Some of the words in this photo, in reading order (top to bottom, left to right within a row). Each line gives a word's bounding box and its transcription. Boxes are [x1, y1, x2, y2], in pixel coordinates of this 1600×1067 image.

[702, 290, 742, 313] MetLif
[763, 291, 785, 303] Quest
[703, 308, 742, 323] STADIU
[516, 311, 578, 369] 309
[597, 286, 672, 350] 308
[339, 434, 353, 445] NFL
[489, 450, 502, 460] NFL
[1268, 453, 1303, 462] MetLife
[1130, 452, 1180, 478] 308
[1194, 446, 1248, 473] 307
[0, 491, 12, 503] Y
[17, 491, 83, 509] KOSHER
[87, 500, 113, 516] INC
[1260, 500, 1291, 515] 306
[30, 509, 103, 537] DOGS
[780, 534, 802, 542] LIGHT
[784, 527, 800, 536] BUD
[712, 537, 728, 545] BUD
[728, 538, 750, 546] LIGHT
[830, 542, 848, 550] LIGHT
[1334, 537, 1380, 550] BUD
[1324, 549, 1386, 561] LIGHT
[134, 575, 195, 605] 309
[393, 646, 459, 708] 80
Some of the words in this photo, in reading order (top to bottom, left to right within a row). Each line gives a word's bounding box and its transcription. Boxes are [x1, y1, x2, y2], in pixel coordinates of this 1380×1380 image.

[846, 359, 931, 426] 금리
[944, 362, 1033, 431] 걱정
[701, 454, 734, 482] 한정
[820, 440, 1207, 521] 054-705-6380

▶ **REQUIREMENT**
Return each entry exactly. Leave none out.

▶ **PROBLEM SOLUTION**
Some of the words in this photo, in reading order (top to bottom, left to right within a row). Each line gives a word's bounding box and its transcription. Boxes are [x1, y1, x2, y2], in pixel coordinates of this 1600×1067 image.

[702, 290, 742, 313] MetLif
[763, 291, 785, 303] Quest
[703, 308, 742, 323] STADIU
[516, 311, 578, 369] 309
[597, 286, 672, 350] 308
[339, 434, 353, 445] NFL
[489, 450, 502, 460] NFL
[1268, 453, 1303, 462] MetLife
[1130, 452, 1180, 478] 308
[1194, 446, 1248, 473] 307
[0, 491, 12, 503] Y
[17, 491, 83, 509] KOSHER
[87, 500, 113, 516] INC
[1260, 500, 1291, 515] 306
[30, 509, 103, 537] DOGS
[780, 534, 802, 542] LIGHT
[784, 527, 800, 536] BUD
[712, 537, 728, 545] BUD
[728, 538, 750, 546] LIGHT
[830, 542, 848, 550] LIGHT
[1334, 537, 1380, 550] BUD
[1324, 549, 1386, 561] LIGHT
[134, 575, 195, 605] 309
[393, 646, 459, 708] 80
Some of the words in this photo, in reading order (top to bottom, left to right within a row). Each line gives a word's bounding box and its transcription. Boxes are [x1, y1, x2, y2], in pixel coordinates of this 1380×1380 image.

[846, 359, 931, 426] 금리
[944, 362, 1033, 431] 걱정
[701, 454, 734, 482] 한정
[820, 440, 1207, 521] 054-705-6380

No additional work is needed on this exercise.